_What is being asked_. Give the records below again exactly, and exclude each picture.

Material supplied START

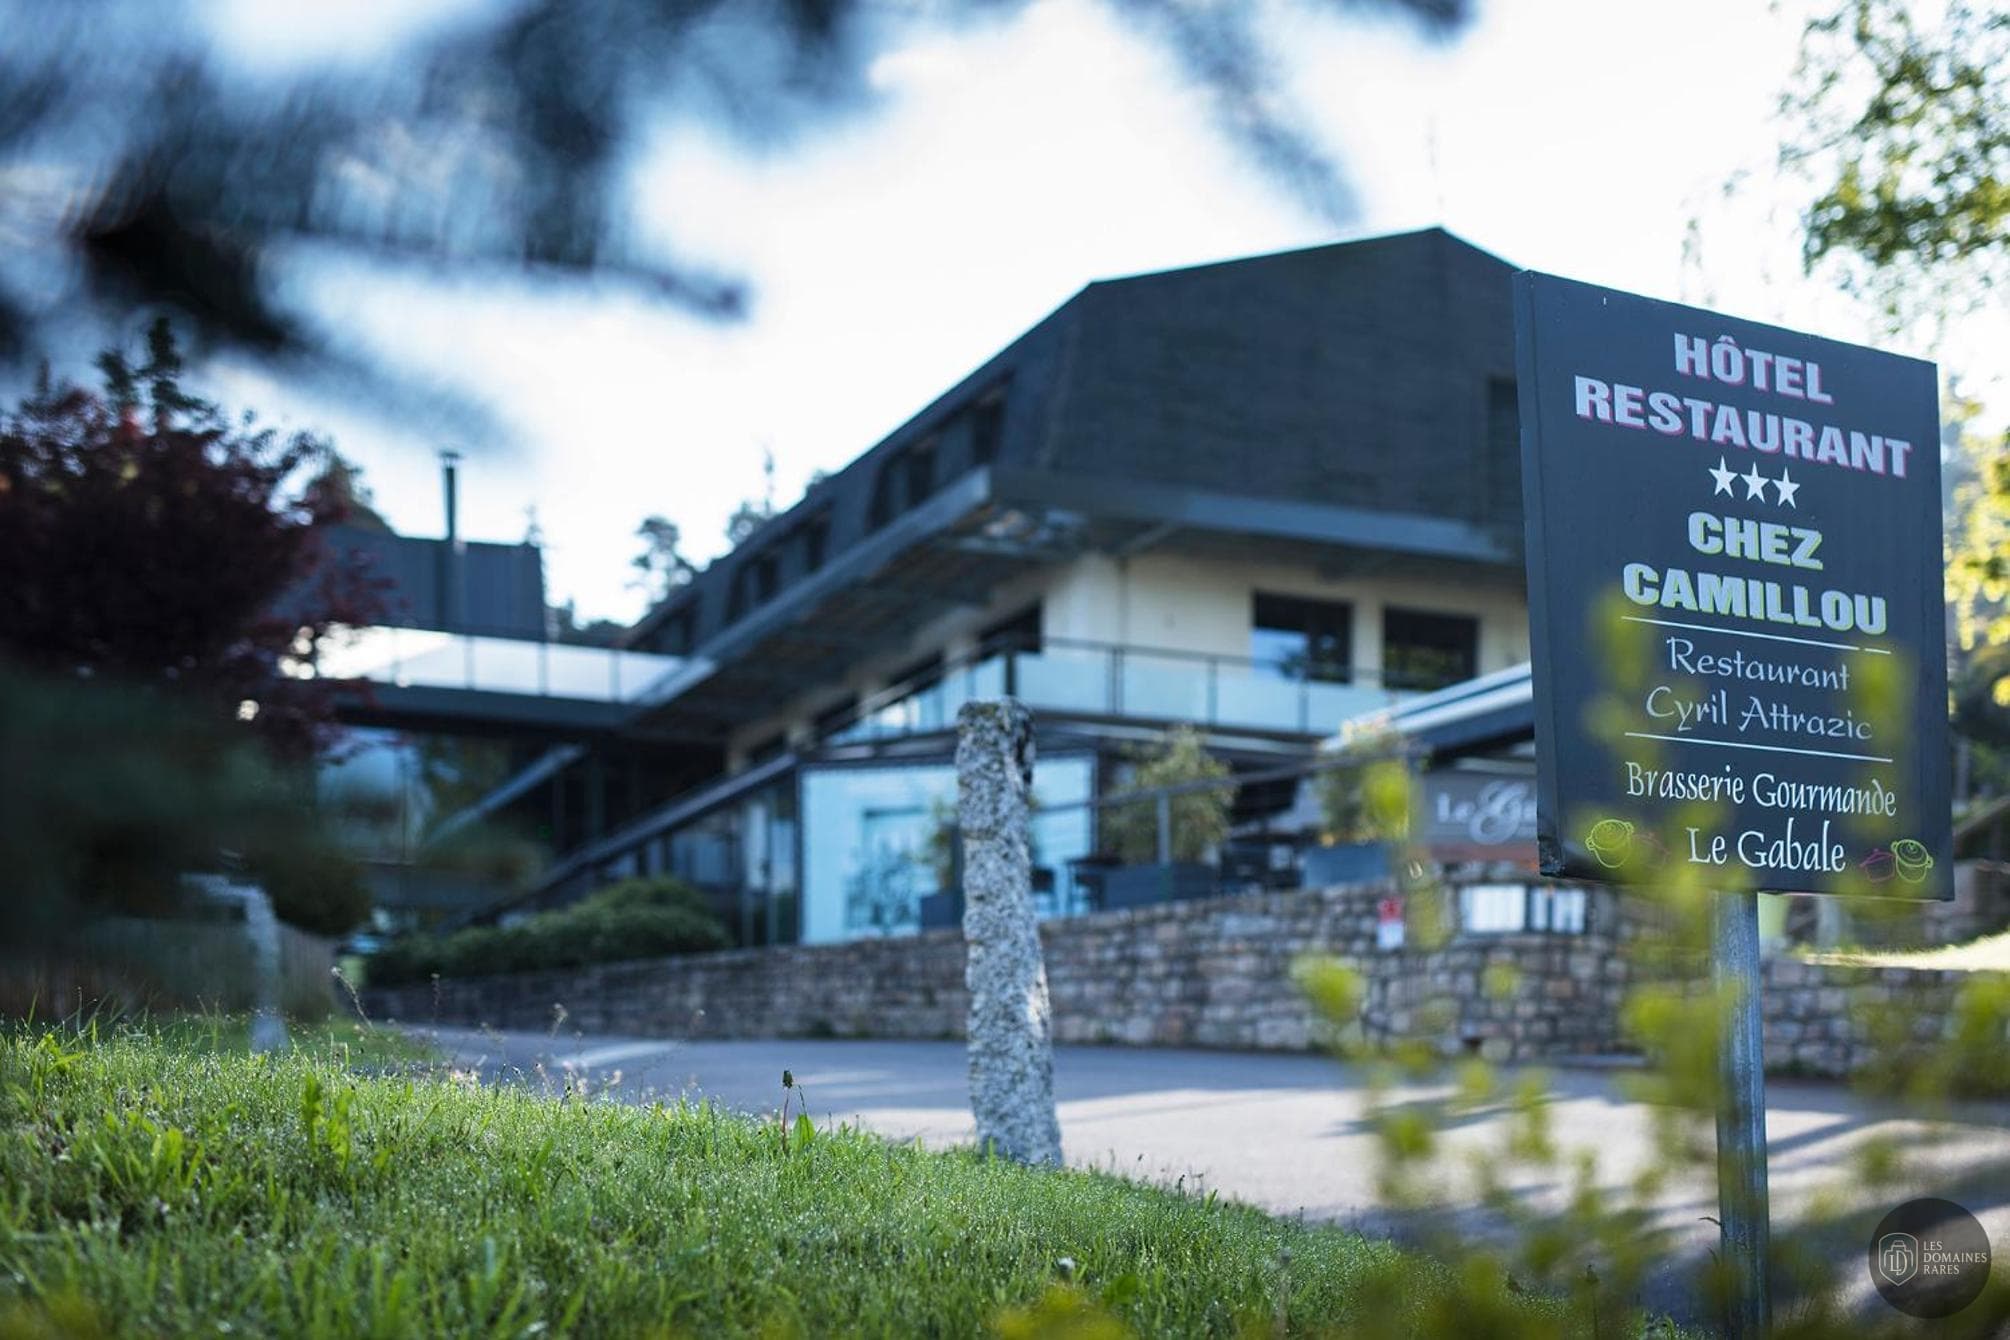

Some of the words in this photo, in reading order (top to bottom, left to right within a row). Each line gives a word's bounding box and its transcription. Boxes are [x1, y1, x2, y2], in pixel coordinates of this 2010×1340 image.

[1674, 333, 1834, 404] HÔTEL
[1575, 375, 1913, 478] RESTAURANT
[1688, 511, 1823, 570] CHEZ
[1623, 563, 1887, 635] CAMILLOU
[1667, 636, 1850, 691] Restaurant
[1646, 685, 1728, 732] Cyril
[1738, 696, 1873, 740] Attrazic
[1625, 762, 1745, 803] Brasserie
[1752, 773, 1897, 816] Gourmande
[1686, 826, 1728, 865] Le
[1737, 817, 1846, 872] Gabale

Material supplied END

_Solution to this problem_.
Some of the words in this photo, in reading order (top to bottom, left to right within a row). Each line gives a word's bounding box and its transcription. Boxes are [x1, y1, x2, y2], in pixel coordinates of this 2010×1340 image.

[1674, 333, 1834, 404] HÔTEL
[1575, 375, 1913, 478] RESTAURANT
[1688, 511, 1823, 570] CHEZ
[1623, 563, 1887, 635] CAMILLOU
[1667, 636, 1850, 691] Restaurant
[1646, 685, 1728, 732] Cyril
[1738, 696, 1873, 740] Attrazic
[1625, 762, 1745, 803] Brasserie
[1752, 773, 1897, 816] Gourmande
[1686, 826, 1728, 865] Le
[1737, 817, 1846, 872] Gabale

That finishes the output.